Your goal -
Retype every record exactly. Leave the pictures out.

Stored data entries

════════════════════

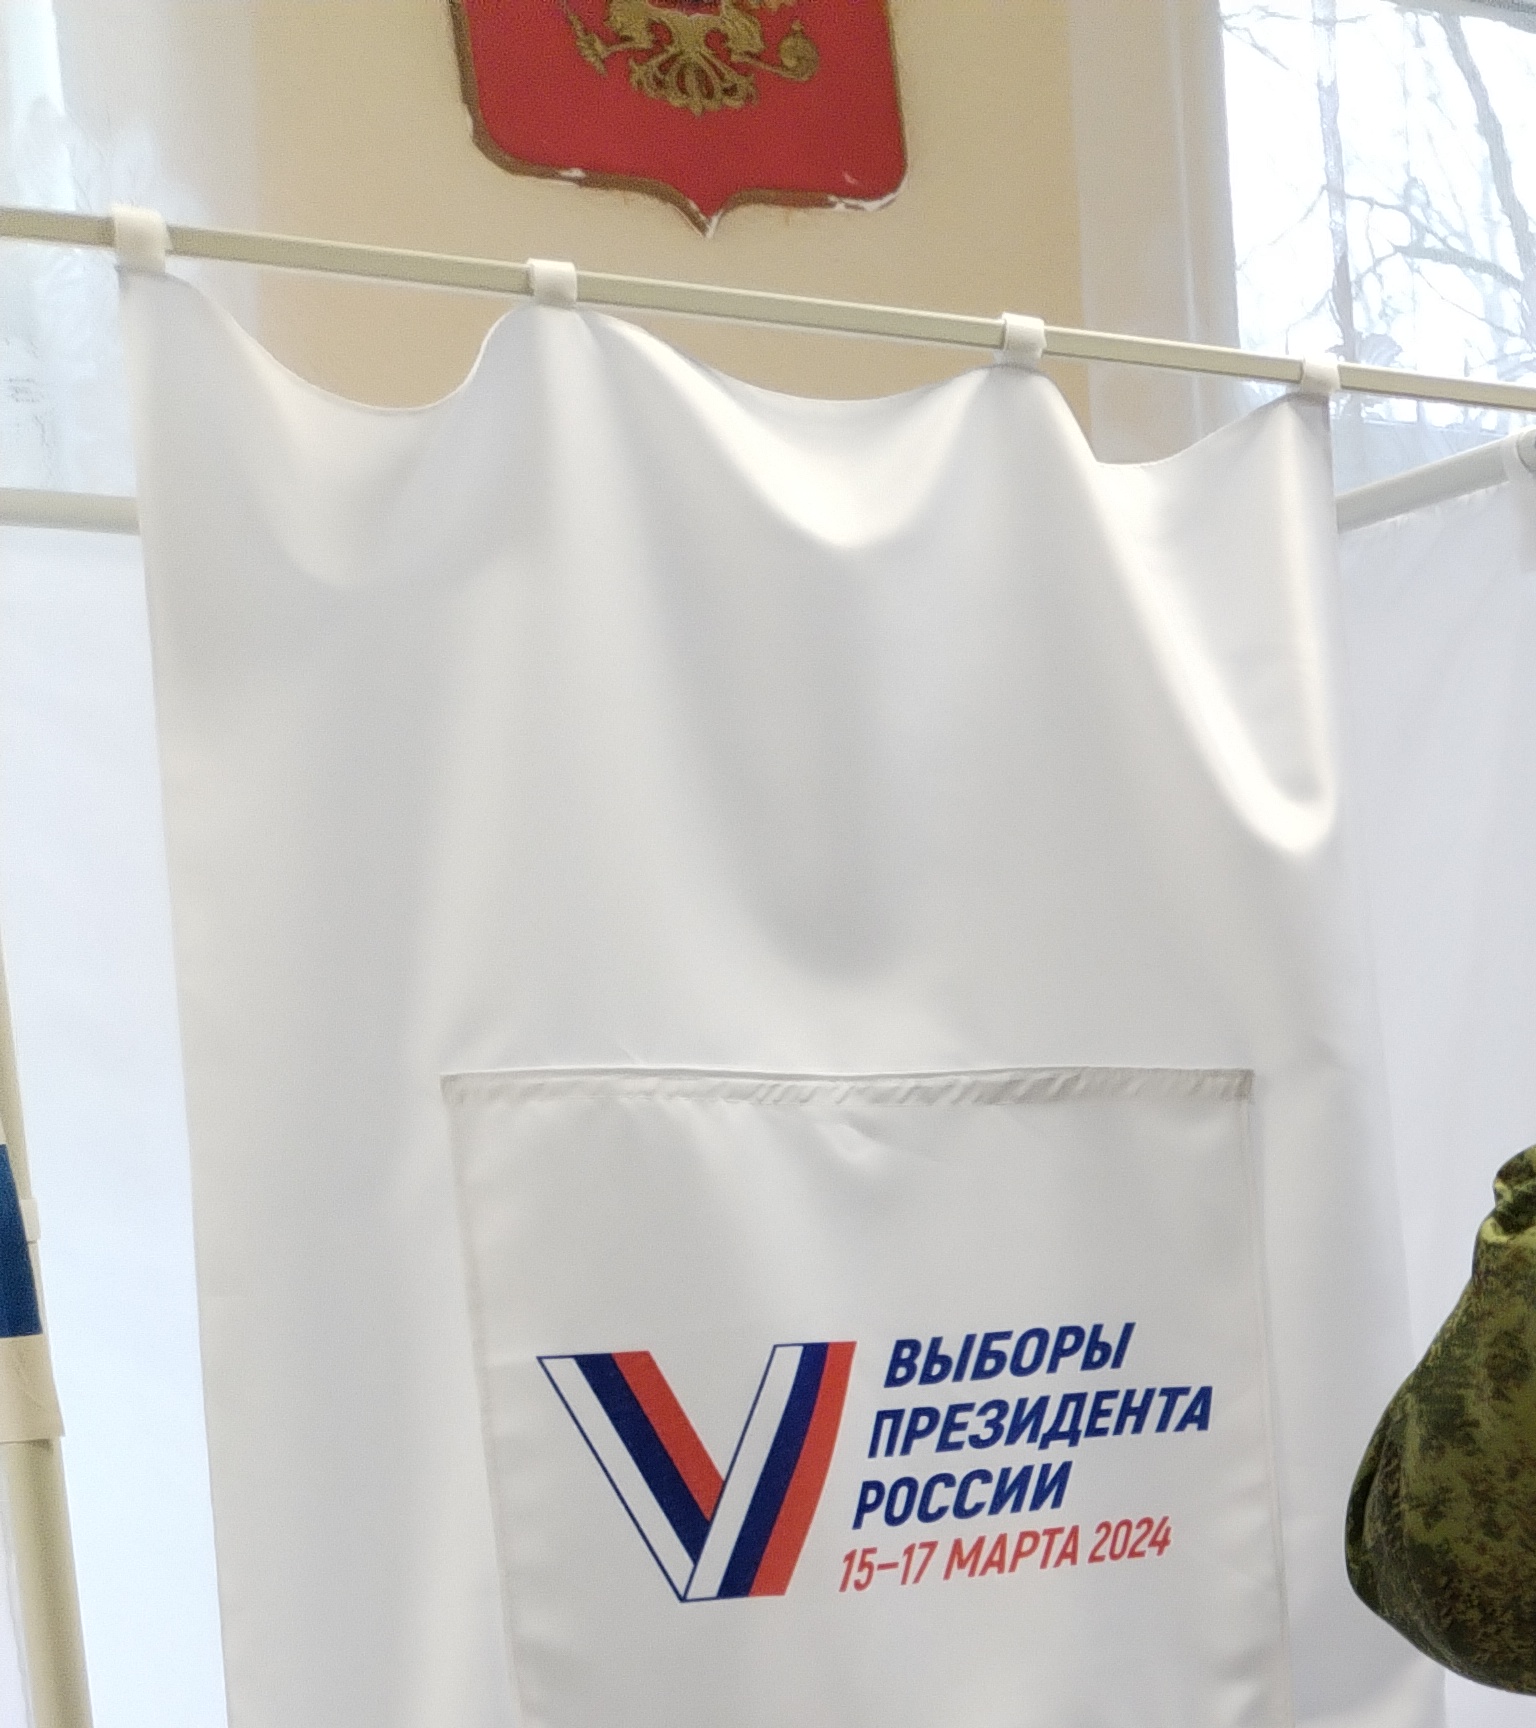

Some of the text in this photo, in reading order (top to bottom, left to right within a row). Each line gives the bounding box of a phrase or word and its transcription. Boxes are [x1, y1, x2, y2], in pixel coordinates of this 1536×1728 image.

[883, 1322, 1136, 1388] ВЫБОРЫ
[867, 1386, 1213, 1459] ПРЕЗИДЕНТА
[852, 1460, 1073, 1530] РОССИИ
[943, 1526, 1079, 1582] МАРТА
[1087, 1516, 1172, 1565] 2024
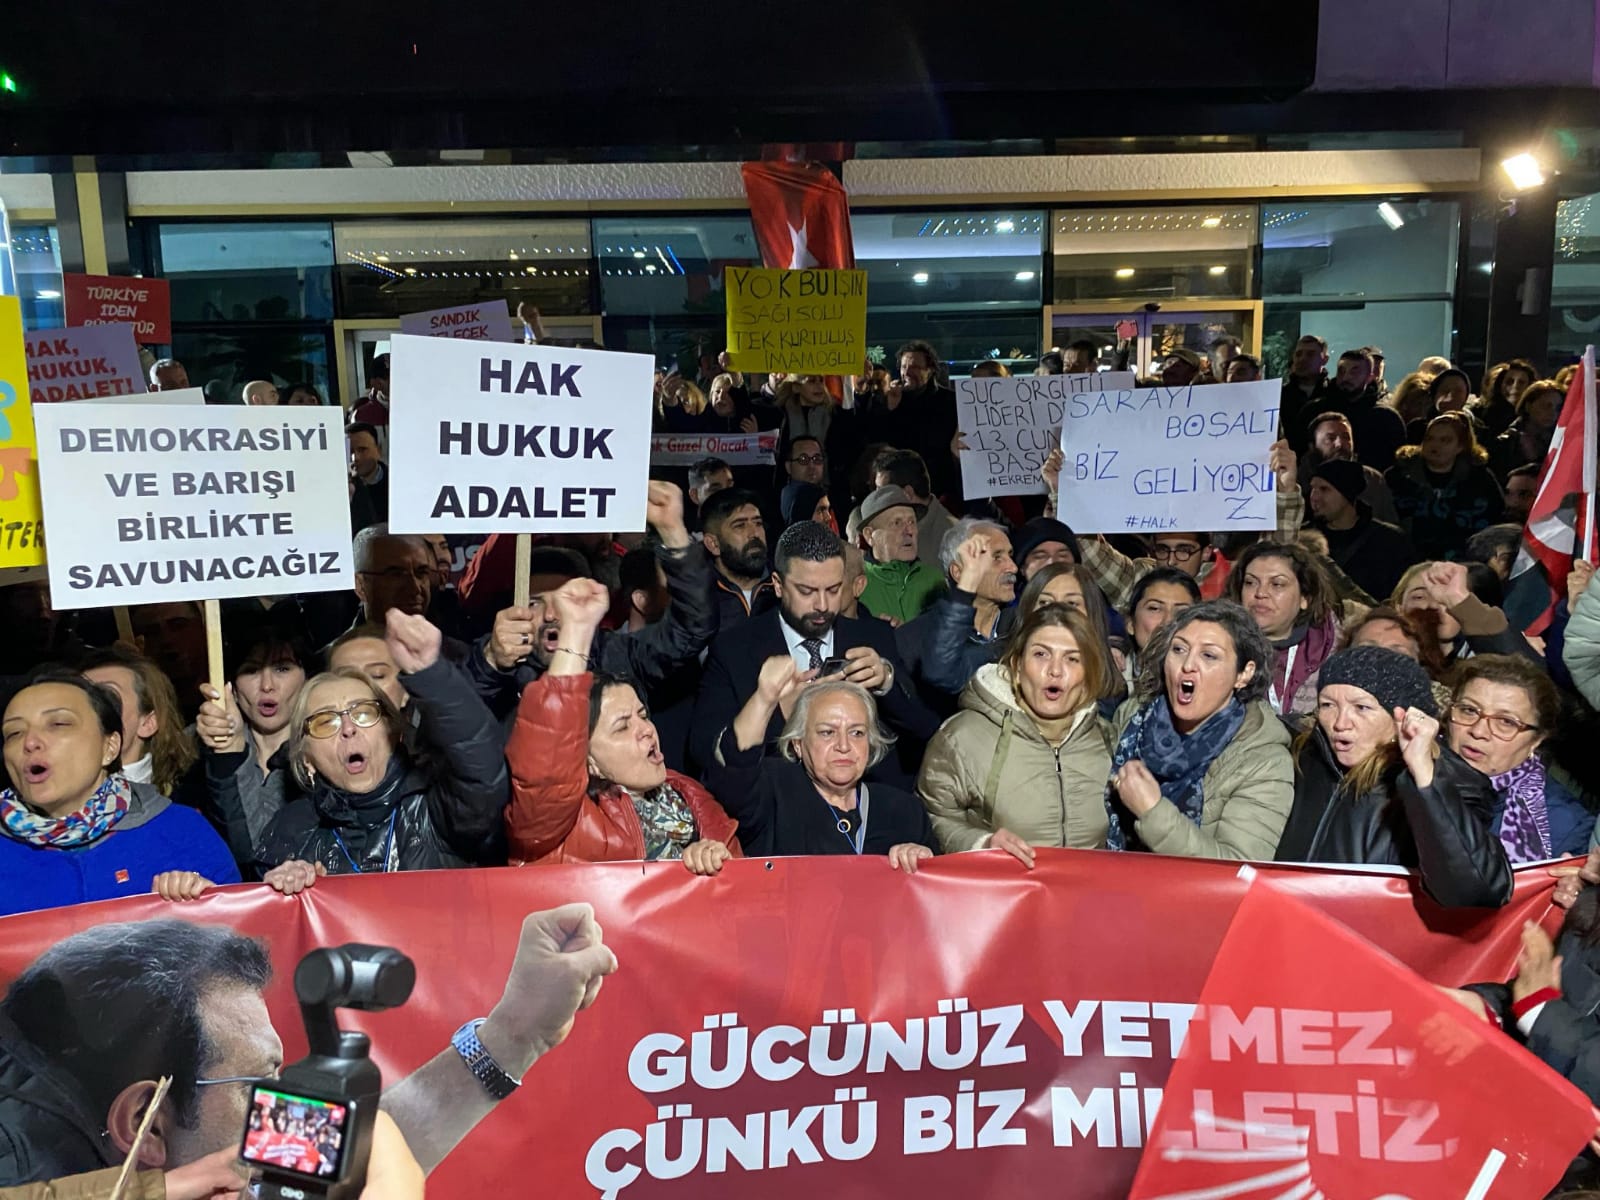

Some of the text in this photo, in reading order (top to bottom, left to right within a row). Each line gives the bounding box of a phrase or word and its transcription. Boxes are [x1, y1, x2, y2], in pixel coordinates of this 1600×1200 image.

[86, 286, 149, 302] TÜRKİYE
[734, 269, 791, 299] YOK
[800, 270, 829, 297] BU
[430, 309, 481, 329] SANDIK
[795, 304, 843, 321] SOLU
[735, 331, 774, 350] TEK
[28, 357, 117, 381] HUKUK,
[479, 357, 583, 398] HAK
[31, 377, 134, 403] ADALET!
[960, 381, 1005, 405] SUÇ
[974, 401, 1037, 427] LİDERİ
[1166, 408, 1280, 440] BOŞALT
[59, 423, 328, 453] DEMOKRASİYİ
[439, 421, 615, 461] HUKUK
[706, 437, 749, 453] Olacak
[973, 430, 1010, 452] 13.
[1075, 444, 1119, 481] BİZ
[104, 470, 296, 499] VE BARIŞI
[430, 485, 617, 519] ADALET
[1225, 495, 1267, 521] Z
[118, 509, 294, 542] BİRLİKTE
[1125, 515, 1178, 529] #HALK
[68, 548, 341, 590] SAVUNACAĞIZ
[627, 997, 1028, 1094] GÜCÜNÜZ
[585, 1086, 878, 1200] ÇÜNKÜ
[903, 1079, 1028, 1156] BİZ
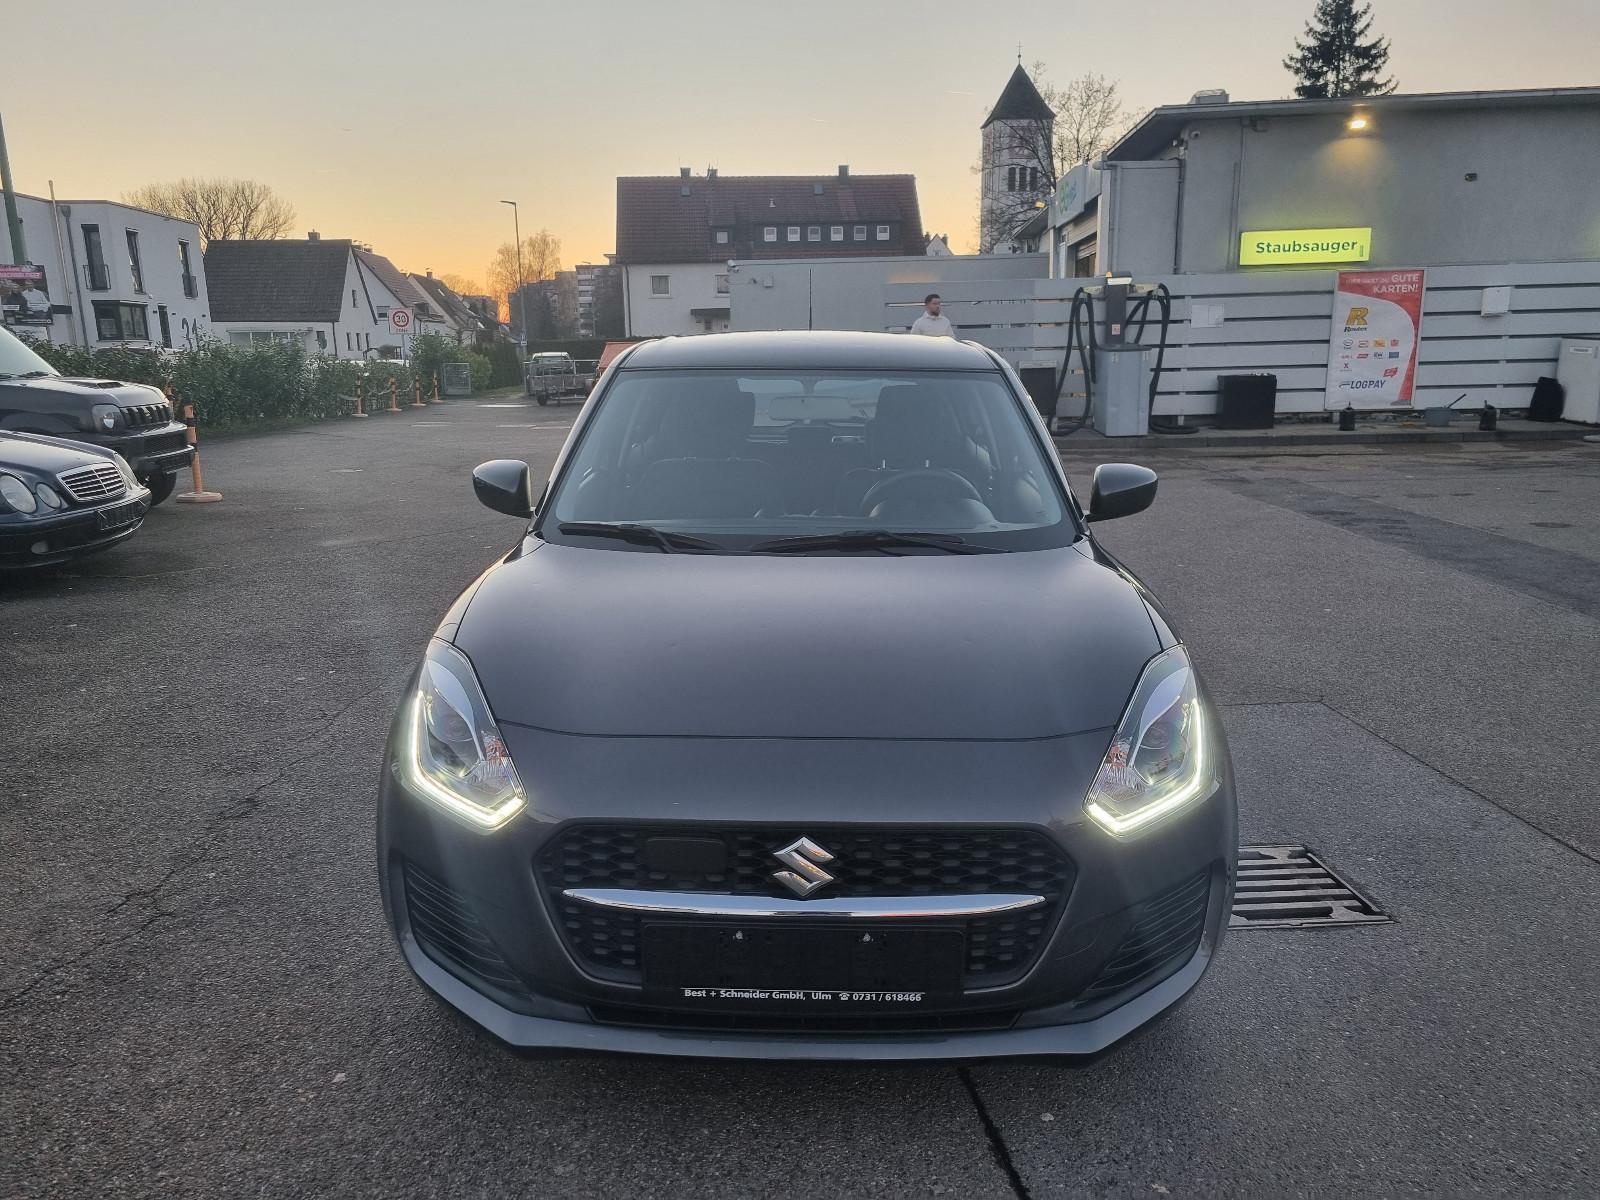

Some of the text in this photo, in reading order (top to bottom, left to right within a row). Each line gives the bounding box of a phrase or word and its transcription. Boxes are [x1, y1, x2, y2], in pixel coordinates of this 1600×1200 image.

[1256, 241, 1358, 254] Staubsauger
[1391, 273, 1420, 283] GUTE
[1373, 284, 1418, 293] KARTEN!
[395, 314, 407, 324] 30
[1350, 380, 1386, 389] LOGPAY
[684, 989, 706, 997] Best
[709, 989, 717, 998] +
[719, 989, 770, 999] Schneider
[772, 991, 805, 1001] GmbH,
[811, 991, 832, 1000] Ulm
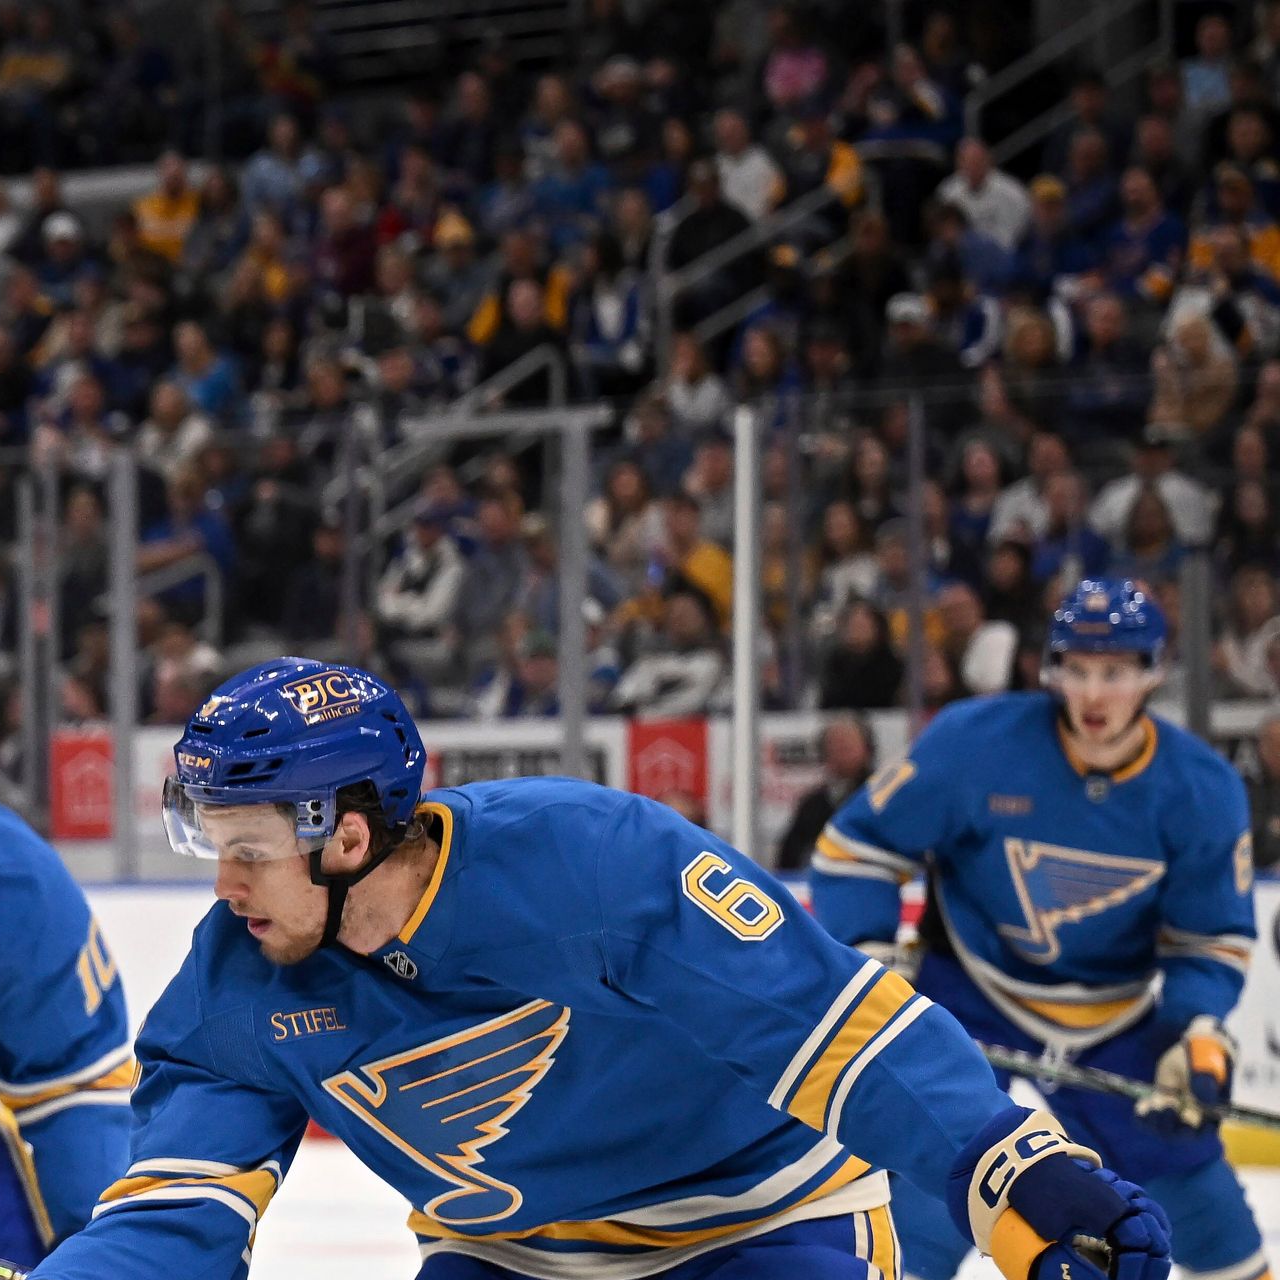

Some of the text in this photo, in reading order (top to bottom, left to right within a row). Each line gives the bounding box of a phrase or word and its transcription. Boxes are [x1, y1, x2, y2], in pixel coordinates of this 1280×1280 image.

════════════════════

Response to the exercise -
Some of the text in this photo, in reading order (top to bottom, left to right within a row). Each line gives the bounding box of a phrase or word and its transcription. Boxes are [x1, y1, x2, y2], in pixel coordinates of this 1536×1728 image.

[883, 1322, 1136, 1388] ВЫБОРЫ
[867, 1386, 1213, 1459] ПРЕЗИДЕНТА
[852, 1460, 1073, 1530] РОССИИ
[943, 1526, 1079, 1582] МАРТА
[1087, 1516, 1172, 1565] 2024

Some of the text in this photo, in reading order (top to bottom, left to right within a row). Each line gives the bounding box of a phrase or word and its transcription. Boxes are [x1, y1, x2, y2], in pixel coordinates of this 1600×1200 image.

[86, 286, 149, 302] TÜRKİYE
[734, 269, 791, 299] YOK
[800, 270, 829, 297] BU
[430, 309, 481, 329] SANDIK
[795, 304, 843, 321] SOLU
[735, 331, 774, 350] TEK
[28, 357, 117, 381] HUKUK,
[479, 357, 583, 398] HAK
[31, 377, 134, 403] ADALET!
[960, 381, 1005, 405] SUÇ
[974, 401, 1037, 427] LİDERİ
[1166, 408, 1280, 440] BOŞALT
[59, 423, 328, 453] DEMOKRASİYİ
[439, 421, 615, 461] HUKUK
[706, 437, 749, 453] Olacak
[973, 430, 1010, 452] 13.
[1075, 444, 1119, 481] BİZ
[104, 470, 296, 499] VE BARIŞI
[430, 485, 617, 519] ADALET
[1225, 495, 1267, 521] Z
[118, 509, 294, 542] BİRLİKTE
[1125, 515, 1178, 529] #HALK
[68, 548, 341, 590] SAVUNACAĞIZ
[627, 997, 1028, 1094] GÜCÜNÜZ
[585, 1086, 878, 1200] ÇÜNKÜ
[903, 1079, 1028, 1156] BİZ

Some of the text in this photo, in reading order (top to bottom, left to right within a row). Each line gives the bounding box of a phrase or word and its transcription. Boxes are [x1, y1, x2, y2], in pixel coordinates of this 1600×1200 image.

[1256, 241, 1358, 254] Staubsauger
[1391, 273, 1420, 283] GUTE
[1373, 284, 1418, 293] KARTEN!
[395, 314, 407, 324] 30
[1350, 380, 1386, 389] LOGPAY
[684, 989, 706, 997] Best
[709, 989, 717, 998] +
[719, 989, 770, 999] Schneider
[772, 991, 805, 1001] GmbH,
[811, 991, 832, 1000] Ulm

Some of the text in this photo, in reading order (top to bottom, left to right within a row). Each line gives the bounding box of a phrase or word and its transcription. Boxes are [x1, y1, x2, y2], in pixel coordinates of this 1280×1280 image.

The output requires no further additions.